Student & Faculty Collaboration

The PRIPARE project

A Student–Faculty Collaboration on Online Privacy

A woman enters a liquor store. She slowly peruses the aisles. The man behind the counter watches her. Eventually, she walks up to the counter and casually hands him a twenty dollar bill. Within seconds, he has figured out her name, where she lives, her birthday, her height and her birthplace. Merely by glancing at her ID. Unwittingly, we do the same every single day. We hand over countless pieces of personal information that are irrelevant to the transactions we undertake, whether we are buying shoes online or signing up for a newsletter.

There is a dire need for policy to moderate this, Professors Claudia Roda and Susan Perry, of the Computer Science and International and Comparative Politics department respectively, argue. Professors Perry and Roda, together with Professor Kung, participate in the PRIPARE project, PReparing Industry to Privacy-by-design by supporting its Application in Research, in order to re-establish privacy as a human right. Eleven institutions have sponsored the project: from academic institutions such as AUP to large companies the likes of Atos. The project is funded by the European Commission, which awards grants to as little as 7% of the project proposals it receives. “There is a pressing need for legislation that protects citizens’ privacy,” argue both Professors Roda and Perry, “and an obligation to inform the general public about what that entails.”

Individuals like Edward Snowden have already raised the alarm on systems of global surveillance and the dangers they pose to individual private data. However, most citizens do not understand the extent of the threat. And neither do companies. Perry and Roda suggest that, “Companies do not take the consequences of non-compliance seriously.” They hope this will change once the European Union‘s Data Protection Act comes into force in 2017. “Right now,” they continue, “privacy is de-facto regulated by private companies as opposed to democratically elected bodies." Google and Facebook have control over privacy standards, which is, Perry argues, “like letting restaurants set their own hygiene standards.”

How does this translate in our everyday lives? Well, those private messages you send on Facebook might not be so private. Two years ago, an article on Buzzfeed revealed that Facebook has a team that reads through private messages if they have been flagged by an automated tool. The tool sifts through content, searching for violations of Facebook’s terms of service, such as “mature content”. If a private message is flagged, employees intervene and read it. The online consequences of privacy violations can be extremely serious: damaged reputations, stalking, peer-pressure, bullying, blackmail…

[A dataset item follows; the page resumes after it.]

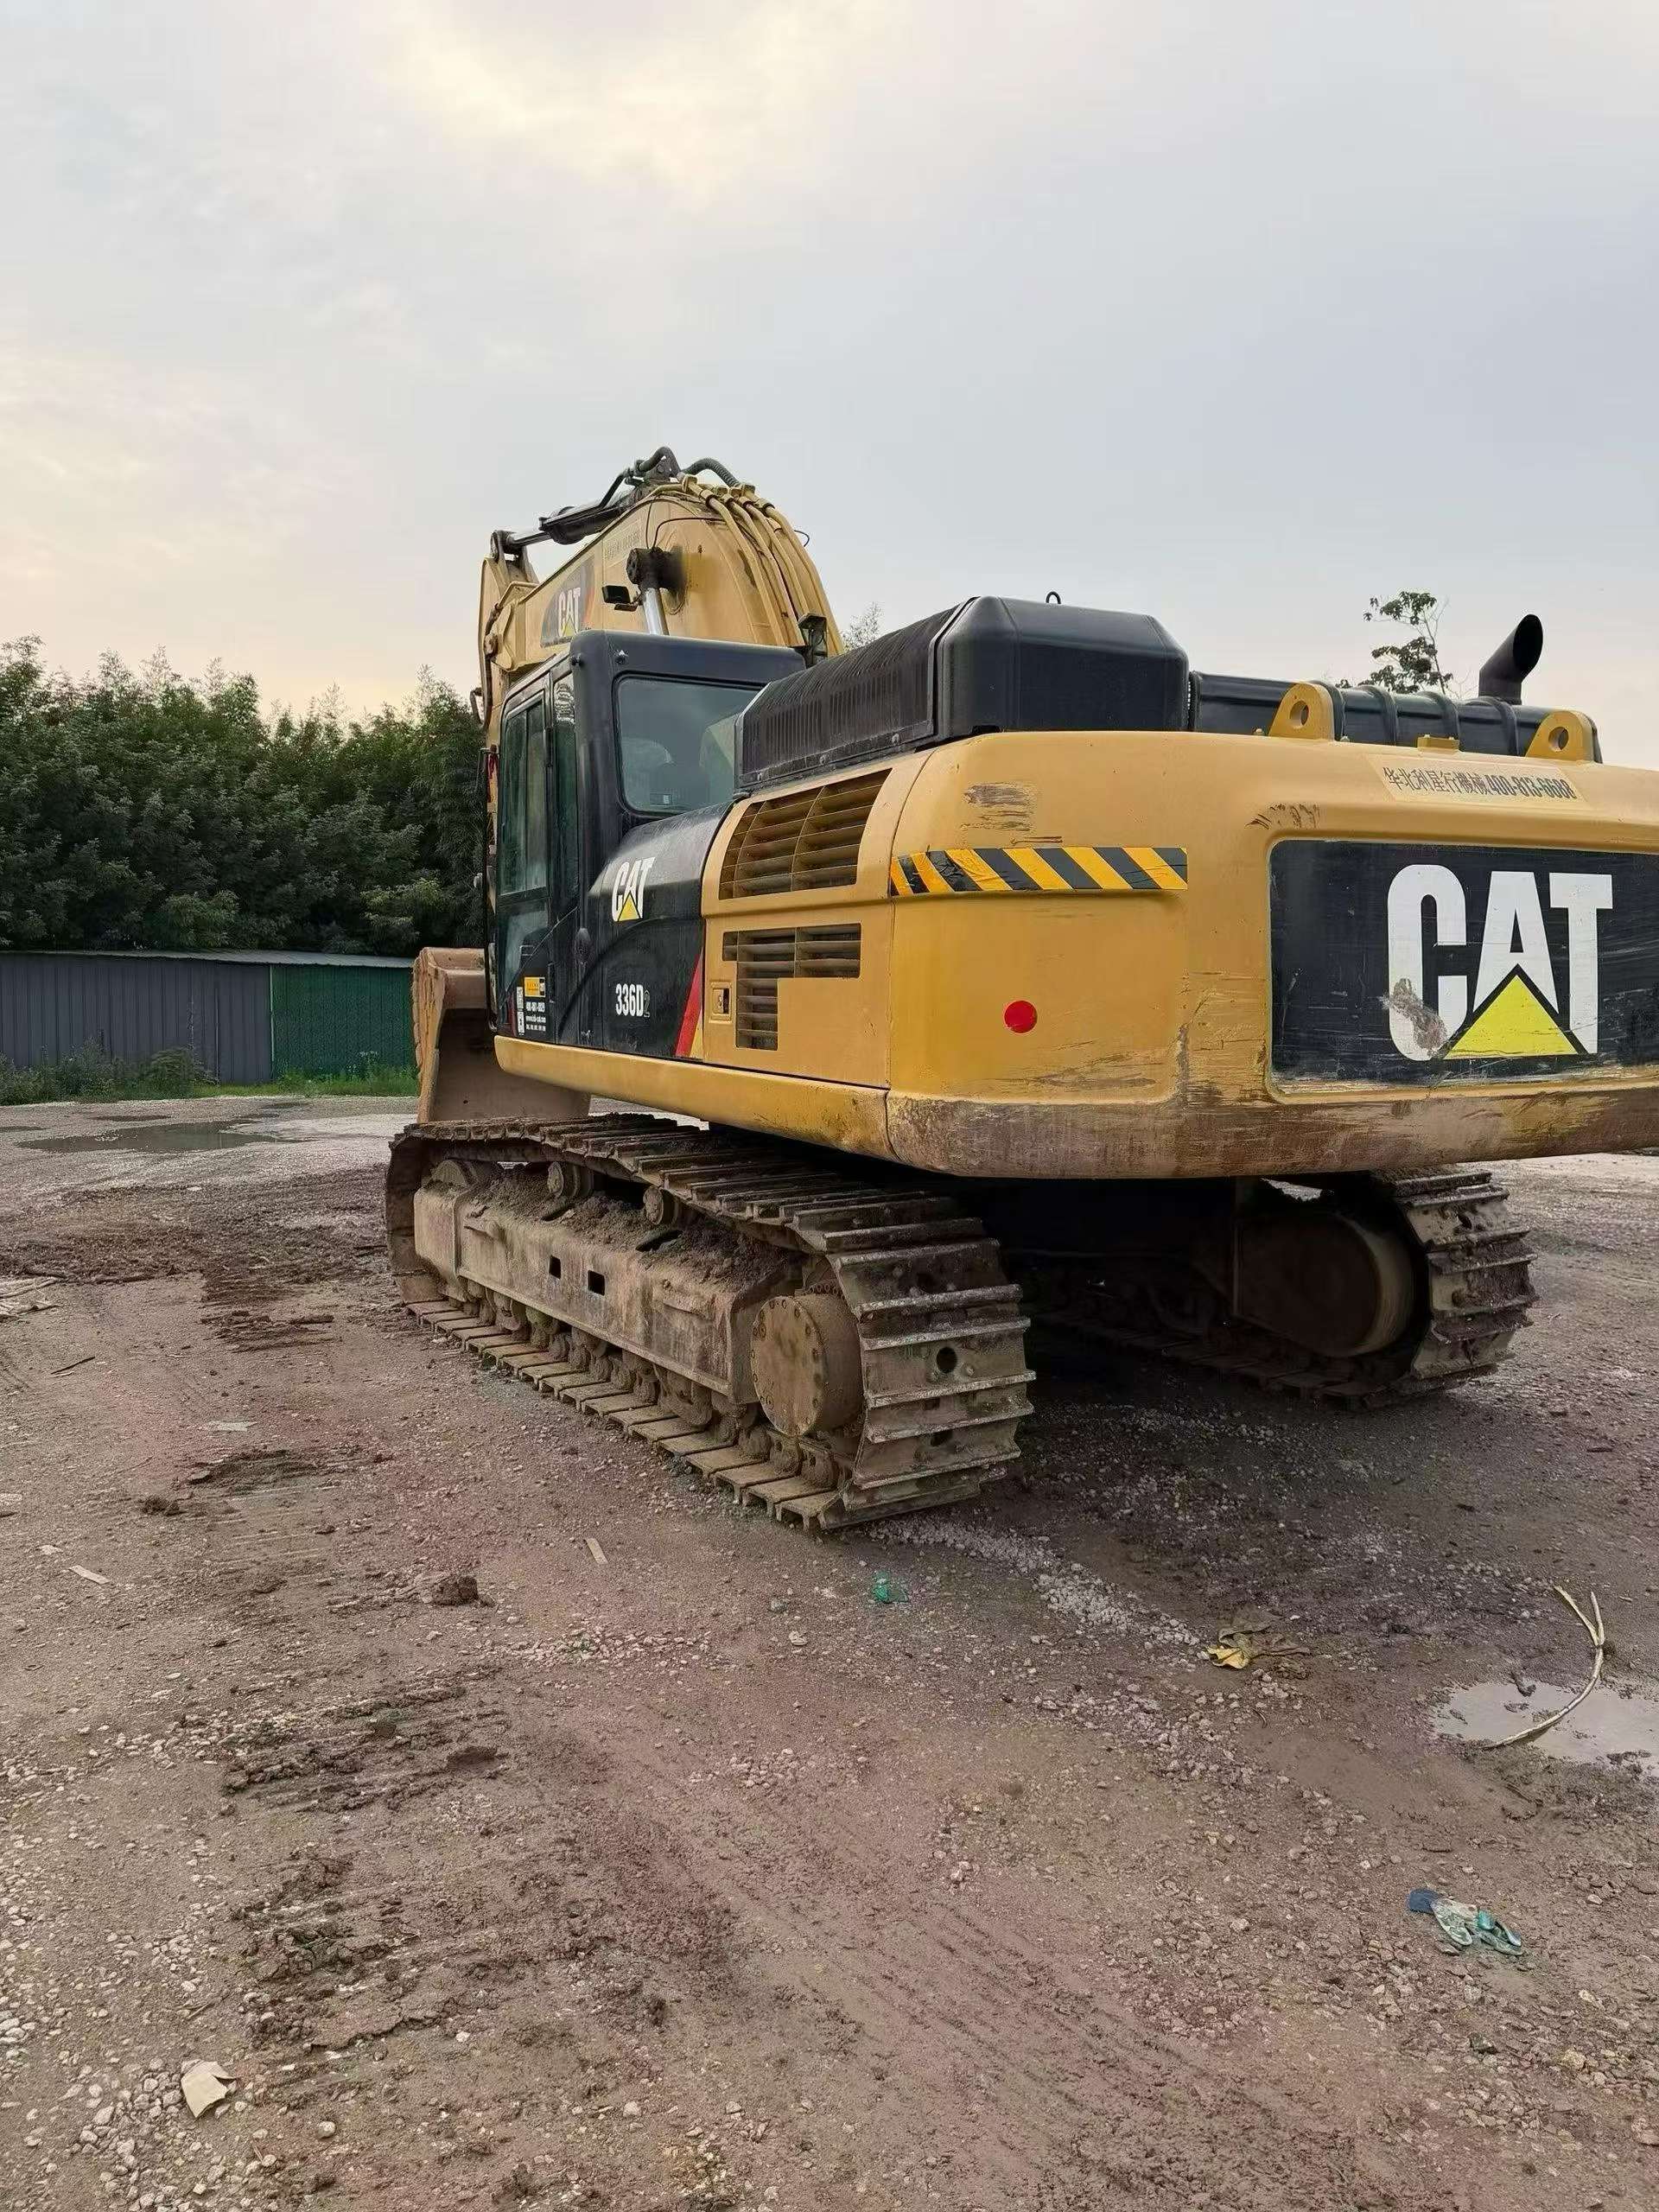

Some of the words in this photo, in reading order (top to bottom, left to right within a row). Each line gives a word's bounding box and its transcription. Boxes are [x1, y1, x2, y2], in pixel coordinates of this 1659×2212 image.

[557, 588, 582, 638] CAT
[611, 856, 656, 922] CAT
[1387, 864, 1613, 1061] CAT

Perry elaborates, “Article 17 of the Universal Declaration of Human Rights outlines the right to property. Right now property, in the form of data, is being stolen from its owners. Users need to be able to knowingly accept the privacy settings of their data.” Perry and Roda go on to explain that there is a fundamental disconnect in privacy practices: users are required to put trust in data controllers, even if trust in these circumstances is not articulated in law. One solution would be data minimization through processes like PETs, Privacy Enhancing Technologies, which ensure that only essential data is collected and that it is destroyed as soon as it is no longer needed. This would be the equivalent of our protagonist buying alcohol and only showing proof that she is “of age.”

Roda explains, “Privacy needs to be more than just an afterthought, it needs to be directly implemented in the design. Unfortunately most engineers are not well versed in ethics.” Perry adds, “Most people in the IT industry don’t understand that the consequences of privacy violations may have a negative impact on the environment, on the fight against cyber-crime, on their branding. The GAFA (Google Apple Facebook Amazon) don’t take human rights into account in the design of their platforms and services.”

The PRIPARE project has been working closely with Atos, a French multinational IT services corporation, to ensure security and privacy go hand in hand in their designs. “Data functions much like money: big data is the currency of the twenty-first century, we just need better banks,” concludes Perry.

All in all data has become a valuable resource that enables companies to market to users but it also needs to be used sparingly and in compliance with users' privacy. 

Professors Perry and Roda have worked on various projects together, including an upcoming book on Human Rights and Digital Technology and a Topics course on Human Rights and Digital Technology. The European Union selected the latter as one of its recommended ENISA curricula for 2014. They hope to turn AUP into a privacy by design campus and set an example as to how universities can better combine privacy and technology.